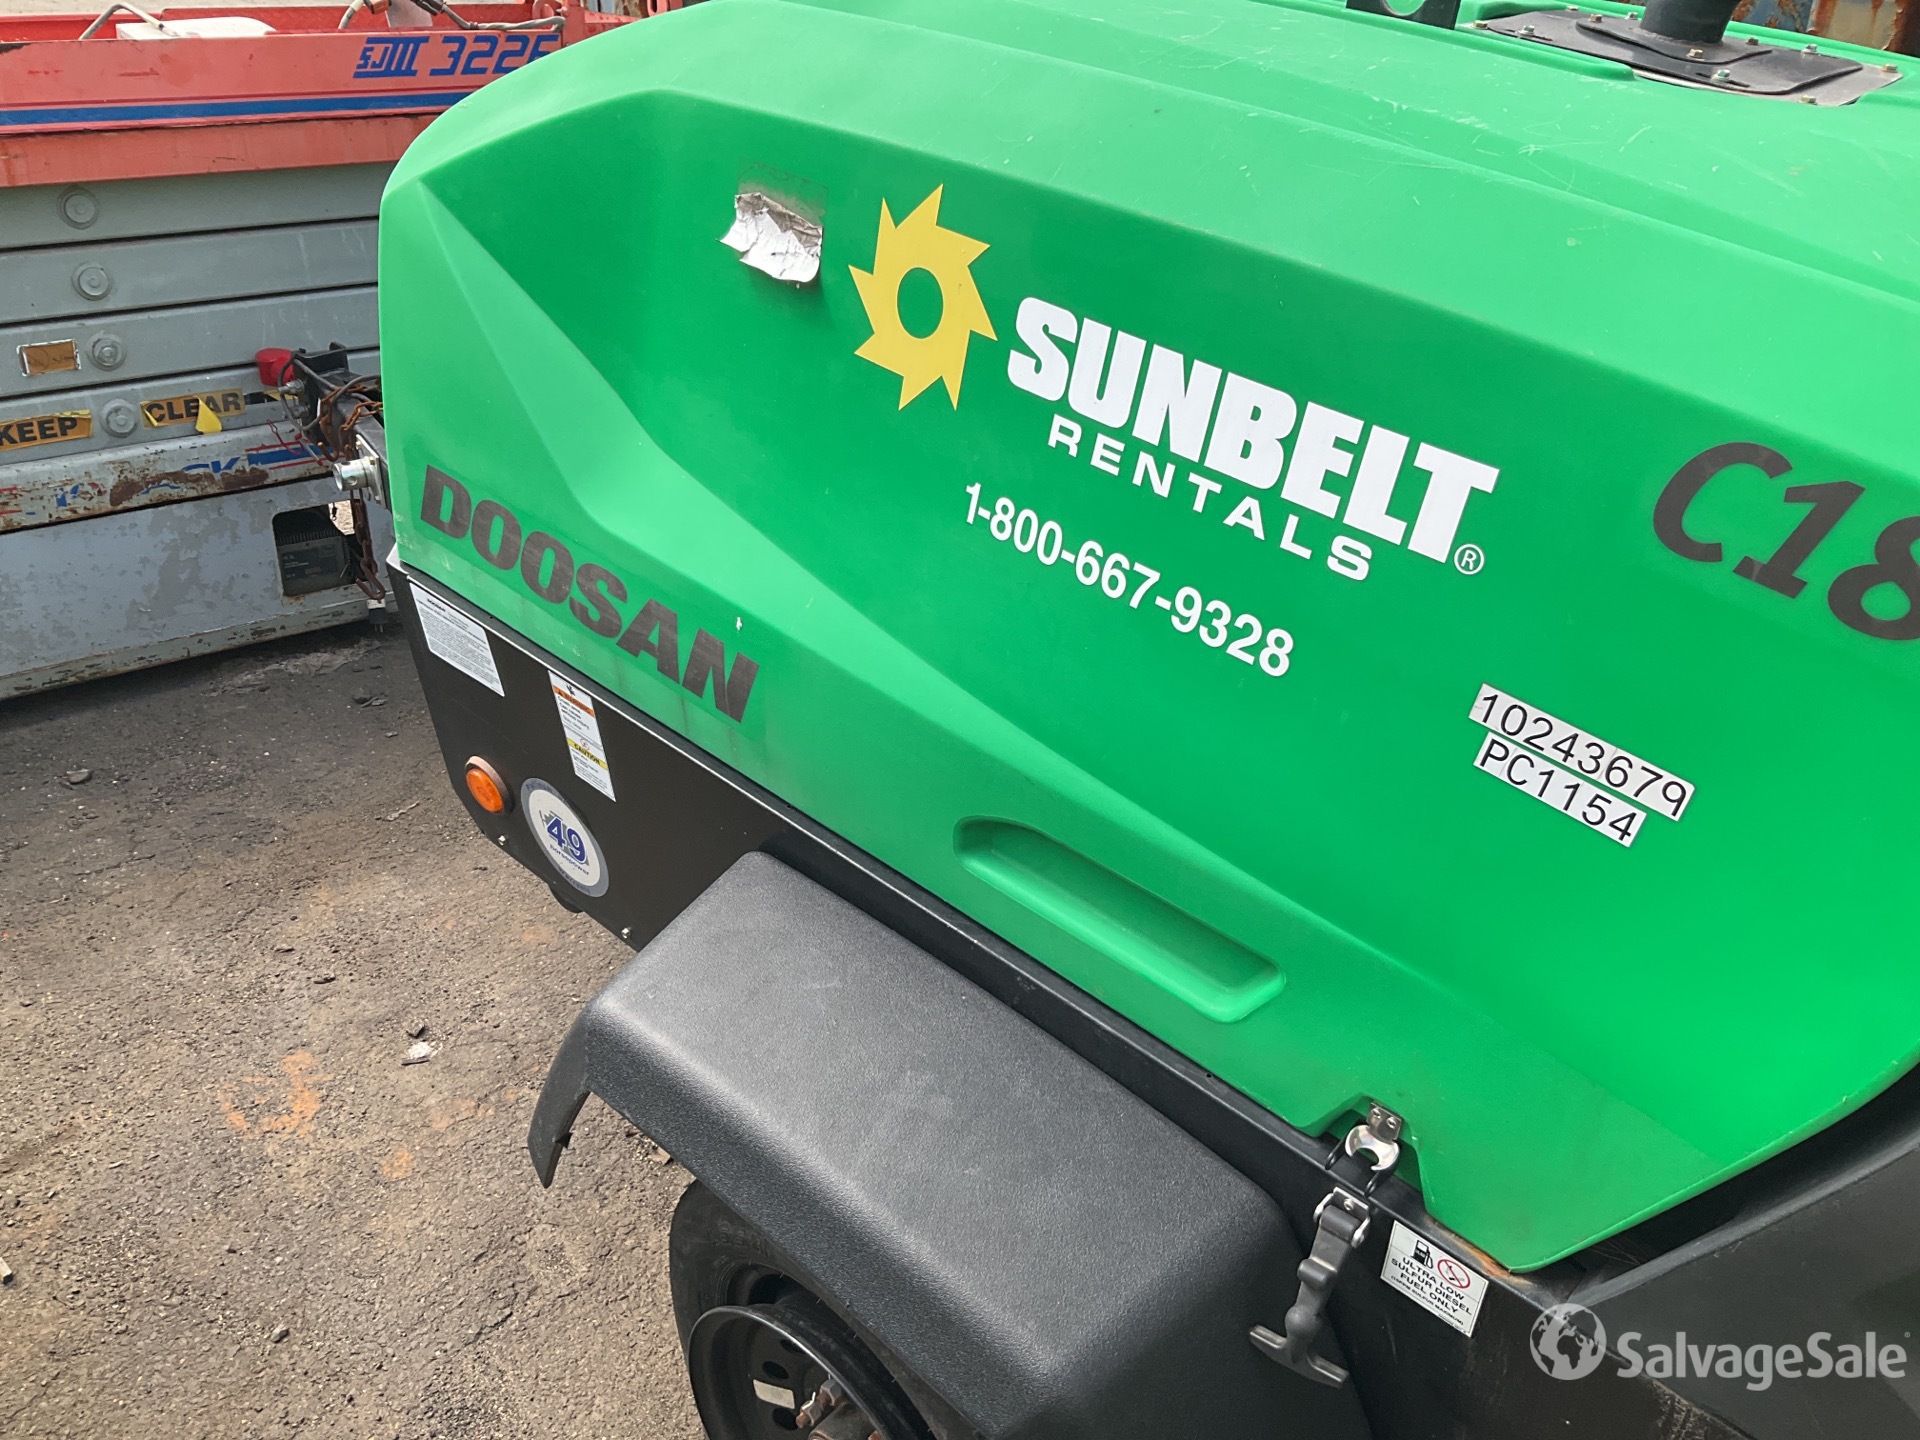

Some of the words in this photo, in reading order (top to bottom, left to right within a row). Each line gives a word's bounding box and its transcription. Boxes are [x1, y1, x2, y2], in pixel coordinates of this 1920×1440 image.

[0, 416, 78, 446] KEEP
[145, 391, 242, 424] CLEAR
[1008, 297, 1500, 563] SUNBELT
[1047, 413, 1373, 581] RENTALS
[420, 464, 760, 724] DOOSAN
[965, 482, 1294, 677] 1-800-667-9328
[573, 742, 601, 766] CAUTION
[1479, 738, 1637, 841] PC1154
[1481, 694, 1688, 817] 10243679
[547, 816, 586, 863] 49
[1391, 1258, 1432, 1289] SULFUR
[1435, 1286, 1472, 1315] DIESEL
[1400, 1272, 1427, 1294] FUEL
[1429, 1292, 1458, 1314] ONLY
[1402, 1256, 1437, 1284] ULTRA
[1439, 1281, 1465, 1301] LOW
*****
▶ What is required
Give the data again exactly, image-free.

▶ Task answer
Some of the words in this photo, in reading order (top to bottom, left to right within a row). Each line gives a word's bounding box and its transcription. Boxes are [x1, y1, x2, y2], in pixel coordinates of this 1920×1440 image.

[0, 416, 78, 446] KEEP
[145, 391, 242, 424] CLEAR
[1008, 297, 1500, 563] SUNBELT
[1047, 413, 1373, 581] RENTALS
[420, 464, 760, 724] DOOSAN
[965, 482, 1294, 677] 1-800-667-9328
[573, 742, 601, 766] CAUTION
[1479, 738, 1637, 841] PC1154
[1481, 694, 1688, 817] 10243679
[547, 816, 586, 863] 49
[1391, 1258, 1432, 1289] SULFUR
[1435, 1286, 1472, 1315] DIESEL
[1400, 1272, 1427, 1294] FUEL
[1429, 1292, 1458, 1314] ONLY
[1402, 1256, 1437, 1284] ULTRA
[1439, 1281, 1465, 1301] LOW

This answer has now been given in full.